# [WHAT NEEDS TO BE DONE]
What you hand back must match the records word for word, with no pictures.

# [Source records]
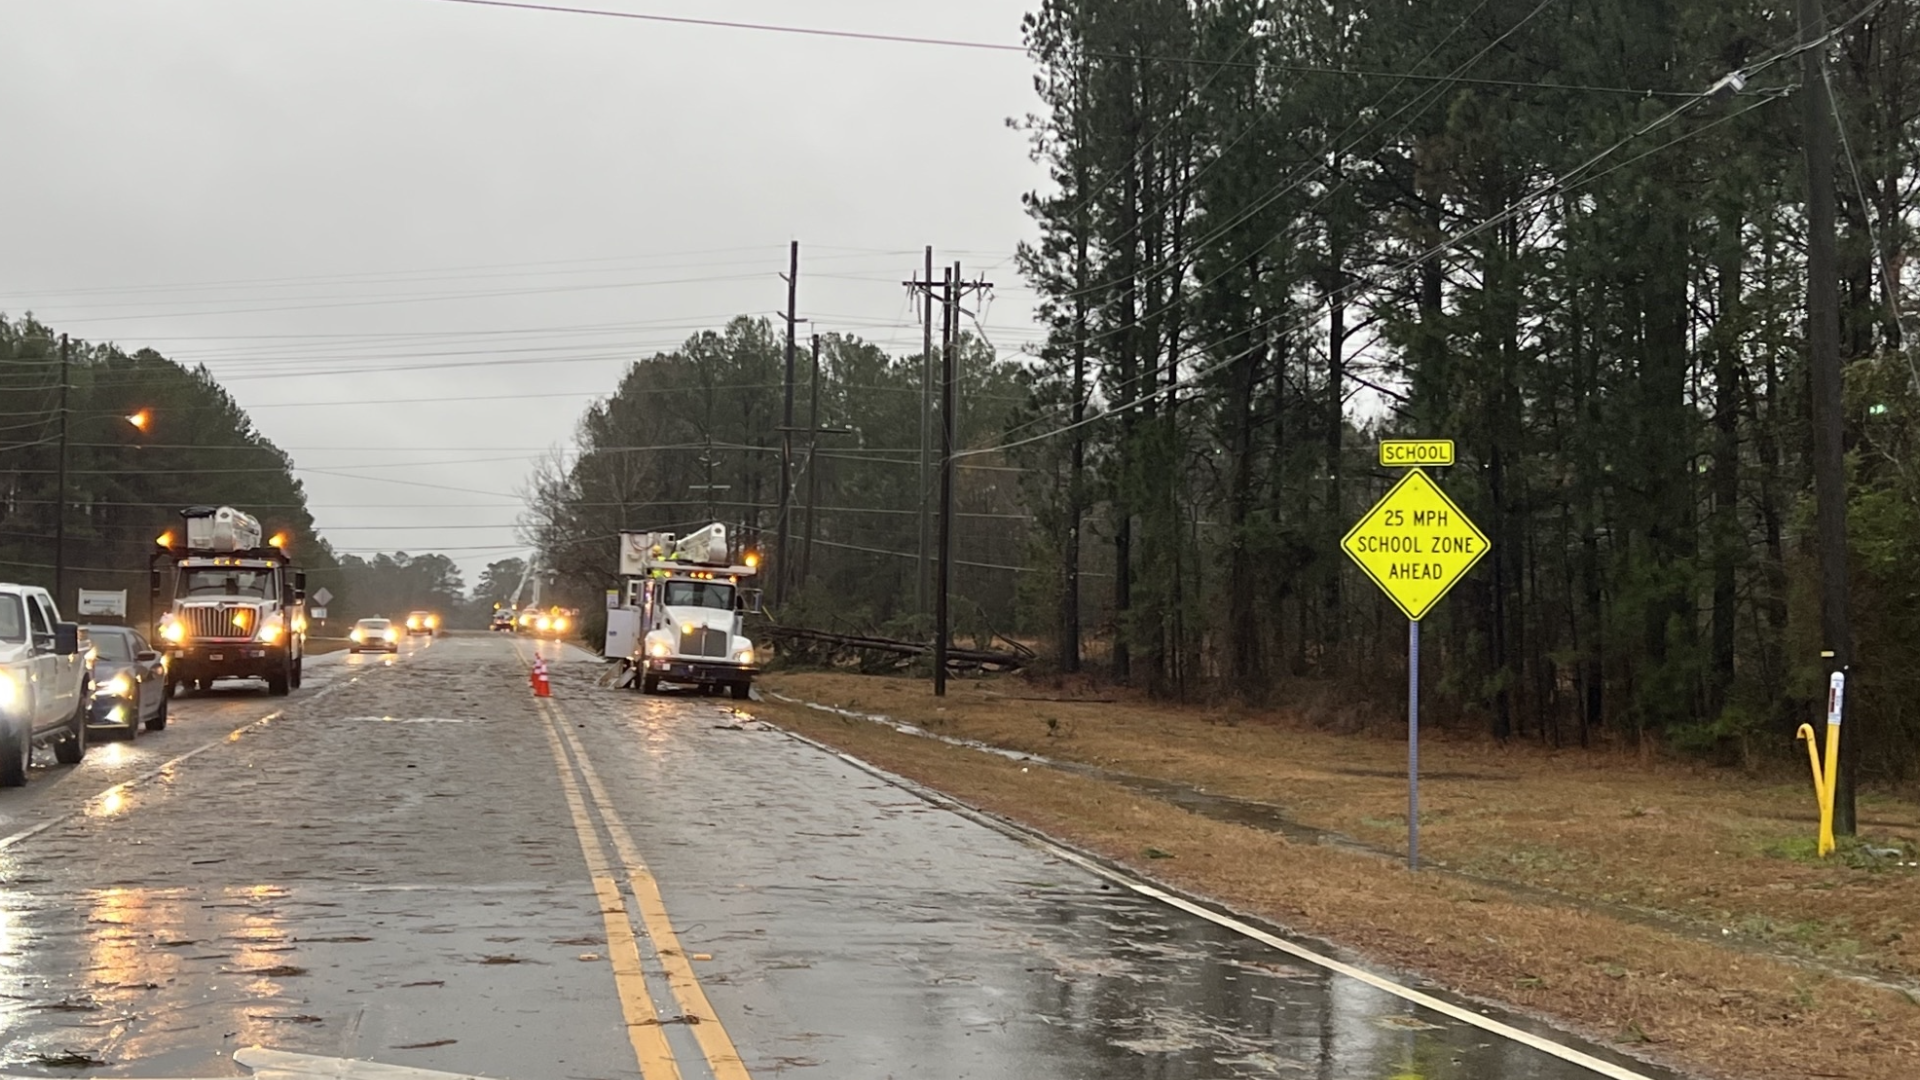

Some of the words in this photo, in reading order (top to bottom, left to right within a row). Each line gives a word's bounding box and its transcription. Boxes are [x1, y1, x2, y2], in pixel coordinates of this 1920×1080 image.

[1385, 446, 1448, 460] SCHOOL
[1384, 510, 1404, 526] 25
[1413, 511, 1448, 526] MPH
[1357, 536, 1423, 553] SCHOOL
[1431, 537, 1474, 553] ZONE
[1388, 563, 1443, 580] AHEAD

# [EXERCISE RESULT]
Some of the words in this photo, in reading order (top to bottom, left to right within a row). Each line gives a word's bounding box and its transcription. Boxes are [x1, y1, x2, y2], in pixel coordinates of this 1920×1080 image.

[1385, 446, 1448, 460] SCHOOL
[1384, 510, 1404, 526] 25
[1413, 511, 1448, 526] MPH
[1357, 536, 1423, 553] SCHOOL
[1431, 537, 1474, 553] ZONE
[1388, 563, 1443, 580] AHEAD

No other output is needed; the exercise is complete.